Rising from the ashes of a new drug application withdrawal, Cellegy Pharmaceuticals Inc. is resurrecting the development of Cellegesic, its drug for chronic anal fissures.
In April, Cellegy withdrew its NDA after the FDA advised it that approval was unlikely, causing the company's stock to plummet more than 50 percent on the day the news was released.
But following a series of meetings with the FDA, South San Francisco-based Cellegy is progressing with an additional Phase III trial in an attempt to obtain approval for the nitroglycerin ointment designed to treat pain caused by chronic anal fissures. The trial is structured to test the significant pain reduction achieved by the product in two previous large, randomized Phase III trials.
Cellegy said the new trial is designed to satisfy FDA concerns regarding statistical analysis.
"There was some unclarity with the FDA, which we think has been resolved now," Cellegy Chief Financial Officer Richard Juelis said. "So we're down to one issue - the statistical analysis methodology. And even there, we resolved how to handle that going forward."
The NDA withdrawal was based on several issues, a significant one being the amount of anal fissure pain reduction patients received vs. the headaches some experienced. About 50 percent of patients developed headaches, though only 5 percent dropped out of the trial. (See BioWorld Today, April 29, 2002.)
"It's a well-known side effect that nitroglycerin can cause headache," Juelis said. "The agency raised the issue of the relative risk/benefit of headache pain vs. the relief of anal fissure pain - the trade-off of the two. And in fact, the headache pain was relatively mild to moderate and subsides in most patients after a short period of time."
With such questions now in the background, Cellegy is continuing with what it hopes is Cellegesic's final pivotal trial. The protocol design and statistical methodology will be submitted to the FDA for review and final concurrence.

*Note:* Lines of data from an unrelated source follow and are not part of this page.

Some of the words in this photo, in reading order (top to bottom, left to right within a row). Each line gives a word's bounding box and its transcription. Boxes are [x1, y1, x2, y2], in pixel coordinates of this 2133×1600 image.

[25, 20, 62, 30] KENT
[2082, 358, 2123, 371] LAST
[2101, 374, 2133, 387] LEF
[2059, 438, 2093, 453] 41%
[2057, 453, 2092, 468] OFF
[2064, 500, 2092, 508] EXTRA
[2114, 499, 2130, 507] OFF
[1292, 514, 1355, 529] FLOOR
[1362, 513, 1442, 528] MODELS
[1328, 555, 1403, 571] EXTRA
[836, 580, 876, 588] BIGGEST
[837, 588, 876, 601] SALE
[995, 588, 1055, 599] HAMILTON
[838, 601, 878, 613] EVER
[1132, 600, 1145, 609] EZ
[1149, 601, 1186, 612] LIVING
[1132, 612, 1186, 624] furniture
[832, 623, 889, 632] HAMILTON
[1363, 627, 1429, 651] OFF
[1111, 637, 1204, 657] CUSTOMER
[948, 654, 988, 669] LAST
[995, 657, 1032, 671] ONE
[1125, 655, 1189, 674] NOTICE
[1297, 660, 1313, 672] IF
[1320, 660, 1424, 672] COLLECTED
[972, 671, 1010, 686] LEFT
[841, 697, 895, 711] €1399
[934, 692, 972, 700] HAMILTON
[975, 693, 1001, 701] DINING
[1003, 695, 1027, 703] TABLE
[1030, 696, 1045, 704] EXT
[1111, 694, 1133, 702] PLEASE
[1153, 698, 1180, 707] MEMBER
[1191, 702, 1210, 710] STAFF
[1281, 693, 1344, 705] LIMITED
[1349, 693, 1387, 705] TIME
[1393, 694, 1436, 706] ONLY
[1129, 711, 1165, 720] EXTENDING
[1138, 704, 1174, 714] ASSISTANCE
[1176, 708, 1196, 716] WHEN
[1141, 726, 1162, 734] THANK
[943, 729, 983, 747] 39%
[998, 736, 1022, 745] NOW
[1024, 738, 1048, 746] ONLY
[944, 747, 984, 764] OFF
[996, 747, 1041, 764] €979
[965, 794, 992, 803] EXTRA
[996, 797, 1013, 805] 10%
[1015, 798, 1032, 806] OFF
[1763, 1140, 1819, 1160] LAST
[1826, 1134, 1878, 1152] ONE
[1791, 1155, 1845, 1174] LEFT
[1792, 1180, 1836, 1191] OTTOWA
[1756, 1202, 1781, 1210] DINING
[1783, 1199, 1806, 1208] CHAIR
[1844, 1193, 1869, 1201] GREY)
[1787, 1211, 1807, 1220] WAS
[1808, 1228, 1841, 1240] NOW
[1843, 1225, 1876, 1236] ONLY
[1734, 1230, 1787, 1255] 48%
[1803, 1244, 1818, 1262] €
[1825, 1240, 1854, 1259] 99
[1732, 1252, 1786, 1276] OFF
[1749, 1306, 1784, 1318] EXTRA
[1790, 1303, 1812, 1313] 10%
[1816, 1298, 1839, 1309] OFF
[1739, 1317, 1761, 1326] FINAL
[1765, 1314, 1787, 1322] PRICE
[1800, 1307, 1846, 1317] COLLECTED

"We're pretty optimistic we can do a relatively smaller, relatively faster trial with a high probability of success," Juelis said. "We're feeling good about the product clarity and will hopefully move forward from here."
He said the study would likely enroll between 120 and 150 patients and could be completed by the end of 2003.
"We believe that a resubmission could be reviewed within a six-month period of time, so arguably we could be approved in the first half of 2004," Juelis added.
The double-blind, randomized study will enroll subjects suffering from pain due to chronic anal fissures into a four-week treatment period with either Cellegesic ointment or placebo. The primary endpoint will be reduction of pain measured by a visual analogue scale to determine if the active drug provides significantly more pain relief than placebo, the same technique used in previous trials.
Three years ago, Cellegesic failed to meet its primary endpoint of completely healing anal fissures, but it reached its secondary pain reduction endpoint. Last year's NDA was based on statistical pain relief findings from a pair of Phase III studies. (See BioWorld Today, June 27, 2001.)
Cellegy said it expects the trial to cost between $1.5 million and $2 million, an amount Juelis said is factored into the company's current burn rate of $900,000 per month. As of June 30, Cellegy's cash reserves totaled $8.4 million.
"We think within our current budget constraints we can progress with this trial," Juelis said. "Of course we're looking at out-license opportunities for our Tostrex product and some of our other products. We expect that will bring in some funding."
The company submitted in early June an NDA for Tostrex (testosterone gel), to treat male hypogonadism. Accepted for review following the 60-day period, Tostrex is the subject of partnerships for European licensing rights as well as for co-promotion rights in the U.S.
Tostrelle, a transdermal testosterone gel to treat female sexual dysfunction due to testosterone deficiency, entered Phase II/III testing during the first quarter. Other pipeline products include nitric oxide donors for the treatment of Raynaud's disease and prostate cancer, as well as products for the treatment of male erectile dysfunction.
Cellegy's stock (NASDAQ:CLGY) fell 25 cents Monday to close at $2.15.